Call Me by Your Name

In 1983, the son of an American professor is enamored by the graduate student who comes to study and live with his family in their northern Italian home. Together, they share an unforgettable summer full of music, food, and romance that will forever change them.

I was unsure what I’d think of this before watching the trailer, but found it quite a charming tale, whilst also presenting challenging themes for the era.

Director: Luca Guadagnino
Screenplay: James Ivory (based on the novel by André Aciman)
Stars: Armie Hammer, Timothée Chalamet, Michael Stuhlbarg

Hit or Miss? Verdict: Hit!


Jigsaw – it was the ’80s kids show with Janet Ellis and Adrian Hedley, plus Wilf Lunn and, of course, Noseybonk. It taught children all about the alphabet, and it’s high time to see the series is finally getting a big-screen outing… Pardon? Saw? Did I see what? Oh…

So, to change direction, this is actually a horror movie…

Bodies are turning up around the city, each having met a uniquely gruesome demise. As the investigation proceeds, evidence points to one man: John Kramer (Tobin Bell). But how can this be? The man known as Jigsaw has been dead for over a decade! Egads! Odds Bodskins!

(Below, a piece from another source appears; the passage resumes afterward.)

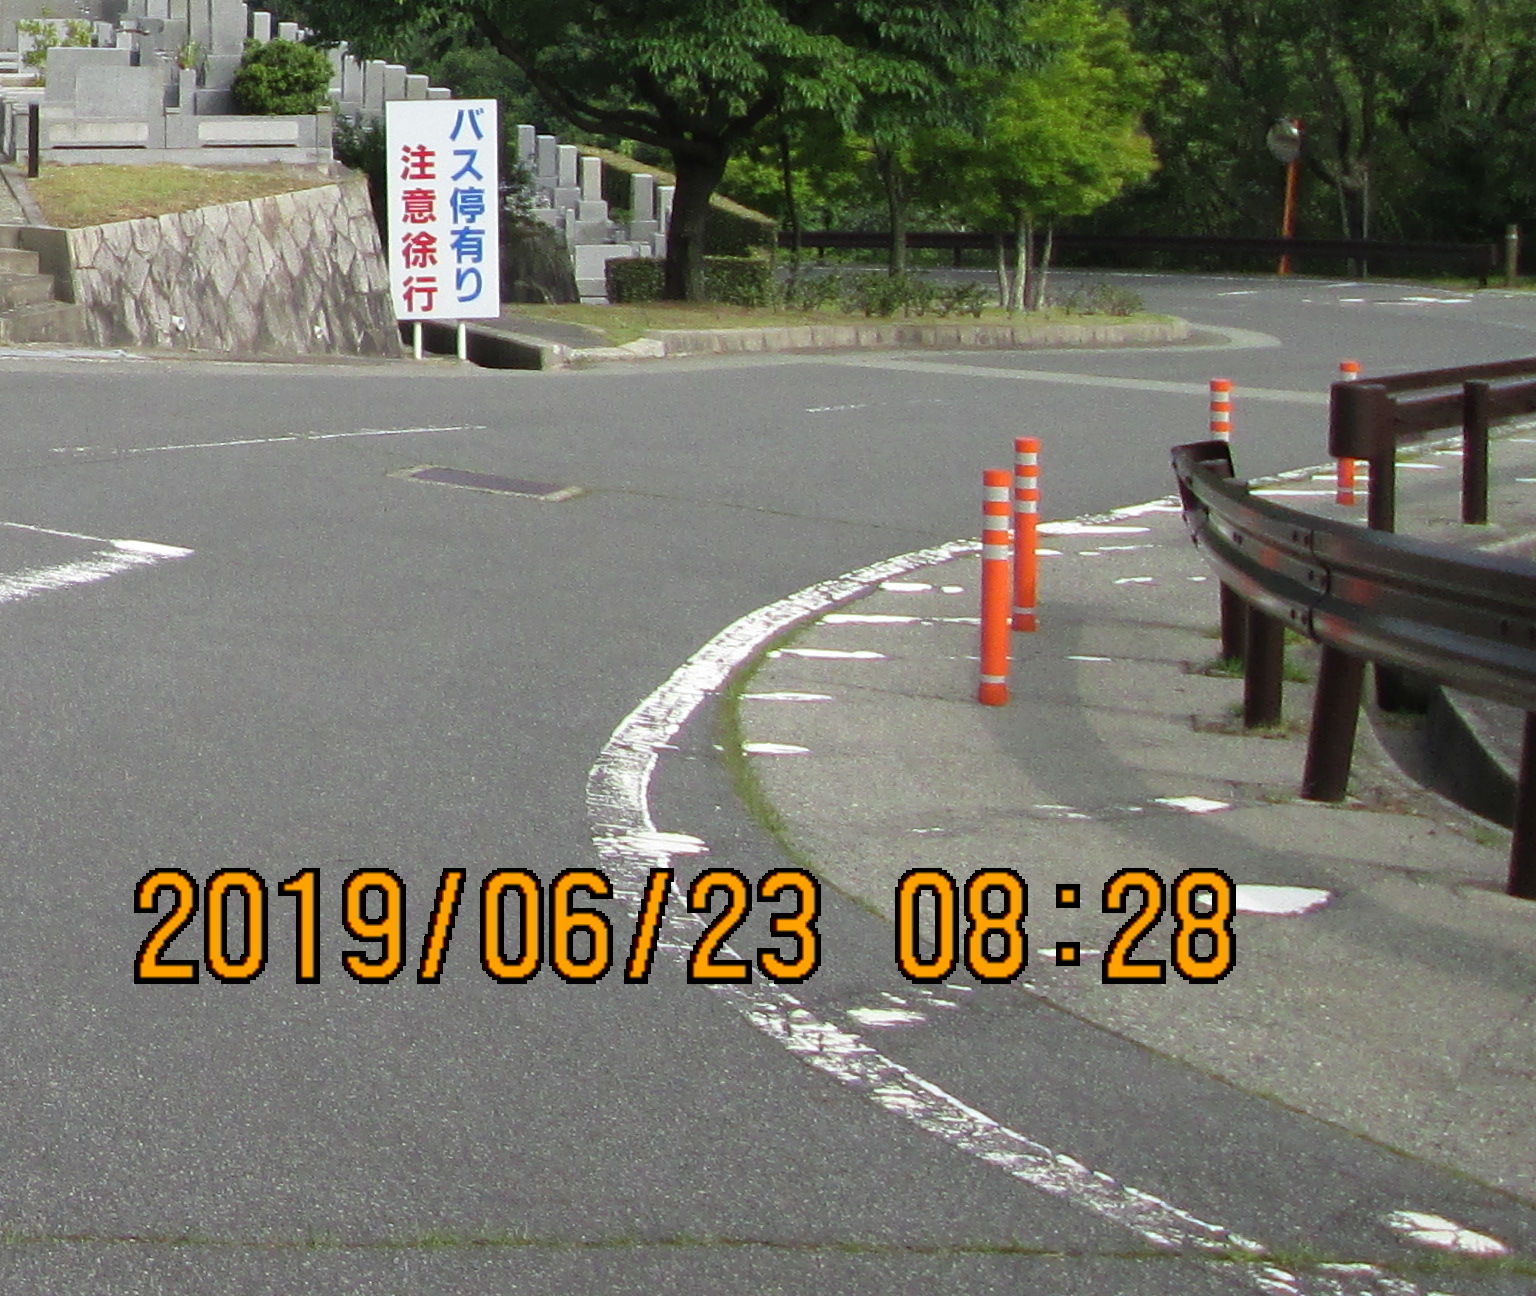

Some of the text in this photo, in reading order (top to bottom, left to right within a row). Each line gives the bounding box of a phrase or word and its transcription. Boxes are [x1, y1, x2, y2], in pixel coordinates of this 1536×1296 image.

I’ve never seen a Saw movie, so whether I rush to see this is questionable.

Directors: Michael Spierig, Peter Spierig
Also stars: Laura Vandervoort, Callum Keith Rennie, Matt Passmore, Hannah Emily Anderson, Brittany Allen, Tina Jung, Bonnie Siu, Sonia Dhillon Tully, Mandela Van Peebles

Hit or Miss? Verdict: Maybe!


Breathe is a film that’s based on a true story, but which looks a little futuristic in one scene, making me wonder just how true it was.

It centres on Robin Cavendish (Andrew Garfield), a handsome, brilliant and adventurous man whose life takes a dramatic turn when polio leaves him paralysed, leaving wife Diana (Claire Foy) to look after him.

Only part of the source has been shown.